Et cette décision ne reste pas enfermée en Louisiane. Elle ouvre une porte. Plusieurs États conservateurs envisagent maintenant de redessiner leurs cartes. Selon les analyses évoquées dans le podcast, jusqu’à une douzaine de sièges pourraient basculer à la Chambre des représentants simplement à cause de ces nouveaux découpages. Dans un Congrès où les majorités se jouent souvent à quelques sièges près, ce n’est pas un détail. C’est une stratégie de pouvoir.
Le paradoxe est là.
À court terme, cette méthode peut fonctionner. Elle peut donner des sièges. Elle peut donner le contrôle d’une chambre. Elle peut permettre à un parti de gouverner même si son appui populaire réel est plus fragile.
Mais à long terme, le prix peut être énorme.

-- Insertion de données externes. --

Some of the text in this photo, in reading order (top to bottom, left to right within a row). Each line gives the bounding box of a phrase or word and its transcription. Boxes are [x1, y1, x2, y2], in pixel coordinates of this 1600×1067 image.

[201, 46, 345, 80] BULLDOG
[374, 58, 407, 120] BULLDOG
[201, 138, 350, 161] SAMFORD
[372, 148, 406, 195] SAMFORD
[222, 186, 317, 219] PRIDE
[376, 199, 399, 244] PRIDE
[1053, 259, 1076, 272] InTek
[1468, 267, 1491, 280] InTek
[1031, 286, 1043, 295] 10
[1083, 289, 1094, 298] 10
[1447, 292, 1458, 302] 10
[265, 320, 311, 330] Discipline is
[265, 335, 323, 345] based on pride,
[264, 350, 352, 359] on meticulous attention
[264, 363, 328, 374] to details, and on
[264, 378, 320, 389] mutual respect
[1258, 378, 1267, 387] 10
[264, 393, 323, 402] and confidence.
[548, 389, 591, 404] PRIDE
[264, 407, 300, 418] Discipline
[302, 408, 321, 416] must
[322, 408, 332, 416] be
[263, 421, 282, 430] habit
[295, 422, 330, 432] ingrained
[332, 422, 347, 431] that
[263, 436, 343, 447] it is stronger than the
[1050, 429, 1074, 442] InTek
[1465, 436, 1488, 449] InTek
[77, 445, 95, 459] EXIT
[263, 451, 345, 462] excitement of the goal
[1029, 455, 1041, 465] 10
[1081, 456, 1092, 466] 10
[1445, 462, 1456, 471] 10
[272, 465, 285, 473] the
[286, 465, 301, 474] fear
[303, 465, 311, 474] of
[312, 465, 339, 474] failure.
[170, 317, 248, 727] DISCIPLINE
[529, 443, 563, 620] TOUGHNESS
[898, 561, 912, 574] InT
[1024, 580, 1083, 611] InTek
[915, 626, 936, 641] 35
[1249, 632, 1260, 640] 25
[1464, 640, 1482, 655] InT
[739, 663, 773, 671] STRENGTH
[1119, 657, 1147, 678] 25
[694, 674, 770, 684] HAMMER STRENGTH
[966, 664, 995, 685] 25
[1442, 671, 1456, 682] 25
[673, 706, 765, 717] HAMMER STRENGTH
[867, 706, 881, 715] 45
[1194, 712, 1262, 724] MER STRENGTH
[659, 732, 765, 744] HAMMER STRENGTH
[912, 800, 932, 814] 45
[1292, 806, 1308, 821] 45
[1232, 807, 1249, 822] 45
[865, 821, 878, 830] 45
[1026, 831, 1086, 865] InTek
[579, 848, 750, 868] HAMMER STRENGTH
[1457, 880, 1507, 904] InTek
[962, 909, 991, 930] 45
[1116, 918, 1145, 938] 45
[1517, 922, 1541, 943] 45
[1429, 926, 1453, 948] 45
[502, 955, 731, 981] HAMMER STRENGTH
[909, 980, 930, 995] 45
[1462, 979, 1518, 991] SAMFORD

Quand les citoyens ont l’impression que le jeu est truqué d’avance, la confiance s’effrite. Quand les électeurs sentent que leur vote pèse moins que le dessin d’une carte, la démocratie perd de sa force morale. Et quand un parti semble préférer manipuler les règles plutôt que convaincre la population, il gagne peut-être le pouvoir, mais il perd une partie de sa crédibilité.
C’est ça, le vrai danger.
Le gerrymandering ne vole pas toujours les élections de façon visible. Il ne remplace pas les urnes. Il ne supprime pas les bulletins de vote. Il fait quelque chose de plus subtil : il modifie le terrain avant que le match commence.
Et aujourd’hui, avec les données numériques, les algorithmes, l’intelligence artificielle et la capacité de prédire les comportements électoraux quartier par quartier, cette mécanique devient encore plus puissante. On ne dessine plus les cartes à l’aveugle. On peut les dessiner avec une précision chirurgicale.
Alors la grande question devient celle-ci :
À partir de quand le vote cesse-t-il d’être l’expression libre d’un peuple pour devenir simplement la validation finale d’un modèle mathématique préparé d’avance?
C’est pour ça qu’il faut regarder les élections autrement.
Il ne suffit plus de regarder qui gagne le soir du vote. Il faut aussi regarder comment le terrain a été préparé. Qui a dessiné la carte? Selon quelles règles? Avec quel objectif? Et au profit de qui?
Parce qu’une démocratie ne se juge pas seulement à la présence d’élections. Elle se juge aussi à l’équité du jeu avant que les citoyens entrent dans l’isoloir.
Et quand un parti commence à gagner par le dessin plutôt que par le vote, il peut peut-être remporter des sièges.
Mais il risque de perdre quelque chose de beaucoup plus grave : la confiance du monde ordinaire.
Et ça, en démocratie, c’est souvent le début du vrai problème.